Do it cock

Penny Cocks

Ref: BC.222
Release date : 4 January, 2012
Format: CD, LP, Digital

LP SOLD OUT

Penny Cocks son clásicos. Suenan clásicos y lucen clásicos. Su formación es clásica: dos punks, dos skins. Matemática pura, ángulos agudos, pura trigonometría punk rock. Sus pantalones son clásicos también; la primera vez que les vi, fue en sus pantalones en lo que me fijé. ¿Esa cintura, que se abrocha por encima del ombligo? Ya no se ven pantalones con la cintura tan alta. Solo en museos, quizá. Recuerdo del 79. Sta press en vitrinas con alarma.
Pero Penny Cocks son lo contrario que piezas de museo. Sus voces estranguladas hablan de recién haber desembocado en la juventud, de haber dejado justo atrás la adolescencia. En sus caras no hay aún desagües de decepción, heridas de traición, pisadas de rendición: todo en sus facciones está tenso, pulido, brillante. Joven. El punk rock debe ser joven; esta es, quizás, su única demanda, su ley solitaria. Puedes tener tentáculos, tu piel violeta a topos amarillos, faltarte un pie; el punk rock te abrirá los brazos y te dejará pertenecer. Pobre, rico, ciego, listo, tonto o de Sant Boi; da igual, mientras seas JOVEN. About the young idea, cantaban aquellos. Lo primero es ser joven y quemar esa juventud, desperdiciarla: está para eso. Una de las canciones de Penny Cocks habla precisamente de ello: Burning down my youth. El mensaje no tiene dobles sentidos ni metáforas de otras cosas. Lo que es, es lo que es.

Me gusta todo de Penny Cocks. Me gusta su nombre y su logo. Me gusta, ya dije, su juventud.

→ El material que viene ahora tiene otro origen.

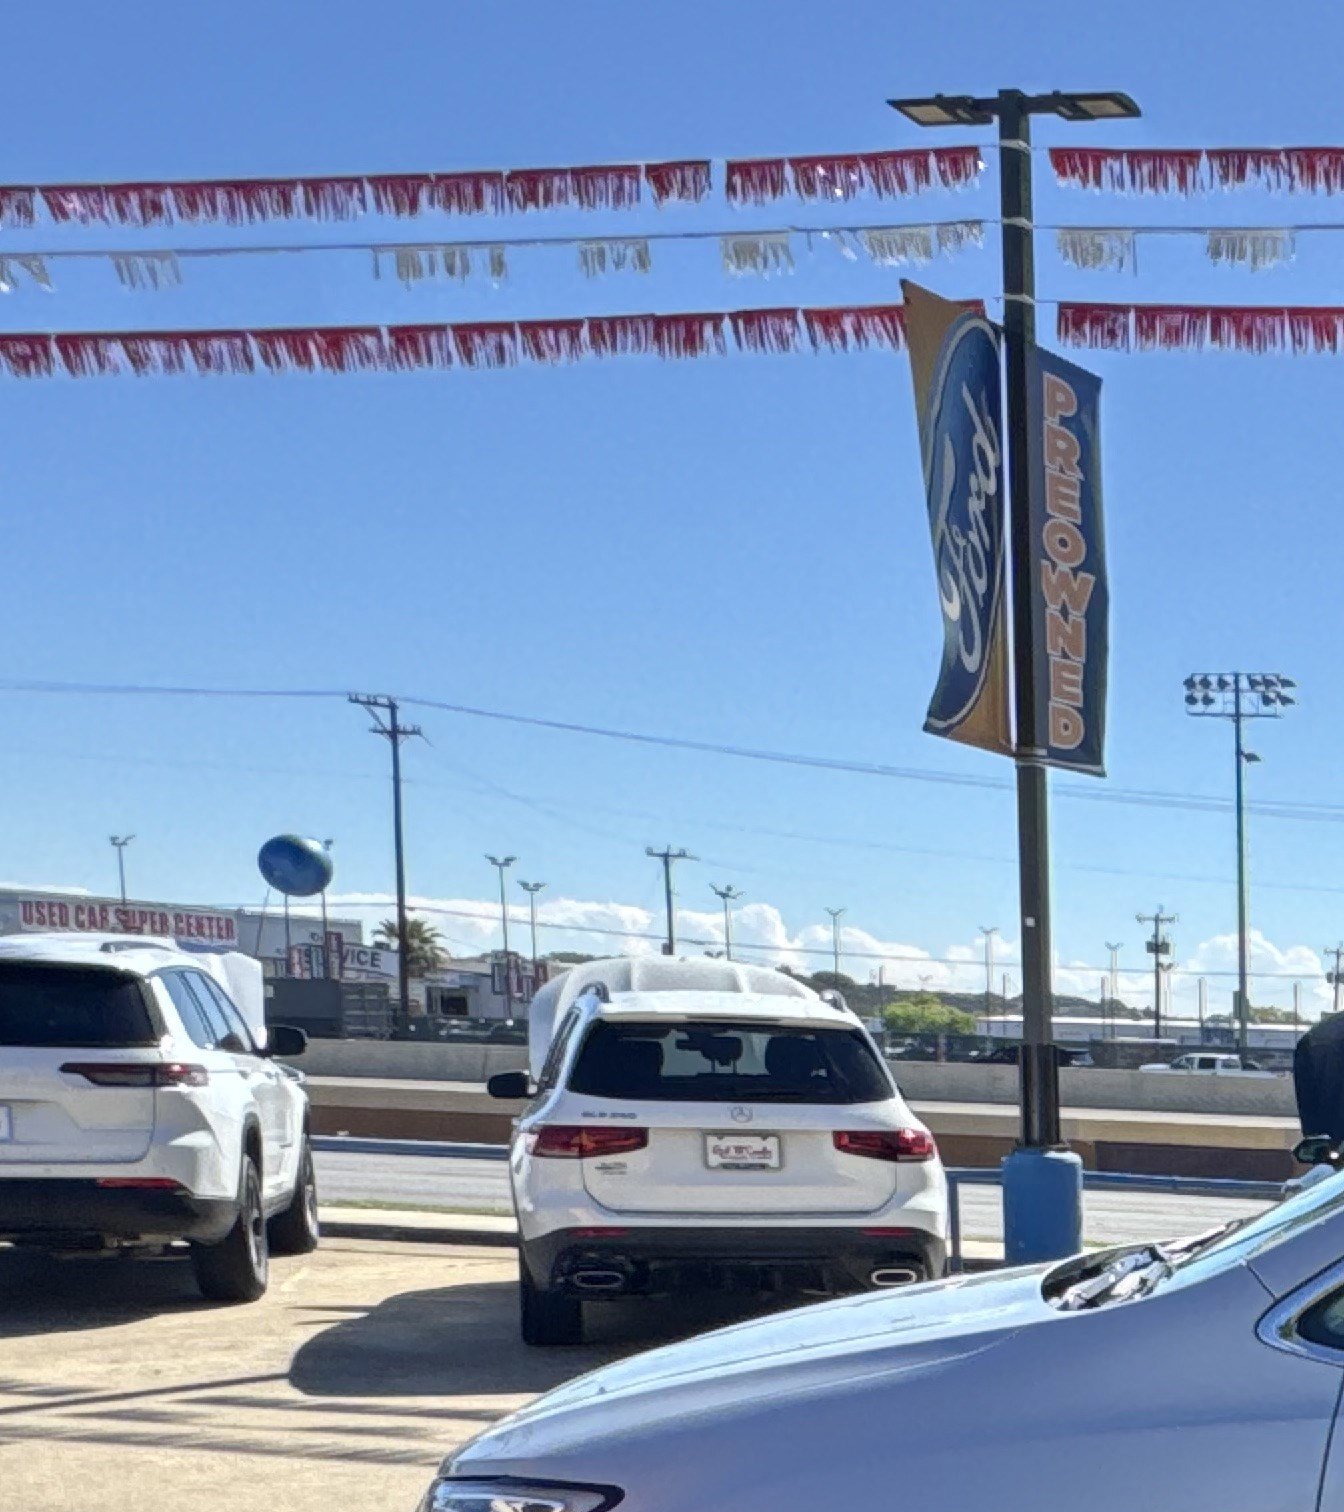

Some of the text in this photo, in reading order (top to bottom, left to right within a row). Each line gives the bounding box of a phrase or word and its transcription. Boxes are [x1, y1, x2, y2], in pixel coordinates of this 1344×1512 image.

Me gusta que no sepan ni quién son Vampire Weekend o MGMT. Me gusta que vengan de un mundo perdido que se parece mucho a mi mundo perdido. Me gusta que Adri -pequeño, nervioso, fibrado, cara bonita- parezca un diminuto mod arrancado de Purple Hearts; que Marc –alto, piernas muy abiertas, diez metros de calcetín a la vista- sea un Paul Simonon de 1978; que Ignasi y Pablo sean skinheads de manual, pulcros y tradicionales, parte de una armada gloriosa que se resiste a morir. Me gusta que Penny Cocks sean revival: no tengo nada en contra de los revivals. Algunas de las mejores canciones de la historia vienen de un revival. Y aún así, revival no es una buena palabra: clásicos es mejor. Pennyocks tienen canciones que son clásicos en ciernes.

Para encontrar las influencias de esas canciones no hace falta una excavadora John Deere. Sus amores están a ras de suelo. Hay SLF y Undertones y mod revival en su himno, Down the underground, con su fantástico parón-con-tensión-elevadiza en medio. También hay un parón en el himno Burning down my youth, que parece de Generation X y tiene letra como de Generation X y todo en él recuerda a Generation X. I like it ostenta tambores de graderío a lo Sham 69/Rejects, que endulza una melodía de pop punkoso 1977. Playing with fire se titula igual que una canción de TV21, pero no es la misma; esta es suya, pero luce igual de mod 1984, con su aire a The Blades y The Moment, sus celestiales trompetas de pobre. Obsession girl tiene trompetas también, igual de desvencijadas y maravillosas y atropelladas: como unos Small Hours con prisas. Qué narices: como The Saints cuando incorporaron vientos y a Iain Shedden, que estuvo también en The Jolt y, por supuesto, Small Hours. Todo encaja. ¿Esos nombres, riffs e historias? Hay que recordarlos. Pennycocks hacen un ejercicio de memoria en Don’t look at me, que tiene el mismo riff que el No reply de Buzzcocks. Es un gran riff. Yo pienso: ¿Para qué cambiarlo? ¿Qué necesidad hay de camuflarlo? Penny Cocks debieron pensar lo mismo.

Penny Cocks son, acabemos con esto, clásicos y jóvenes. Es ahora el momento de capturarlos. El punk rock nunca ha tenido un envejecimiento encomiable ni particularmente digno. Este disco es la instantánea de una banda en la cúspide de su poder, quemando barcos y sin que uno solo de sus miembros piense en su futuro o evolución musical. Si pestañeas, te los pierdes, y te los pierdes para siempre. Lo digo en serio: para siempre. El momento es ahora. No hablemos más.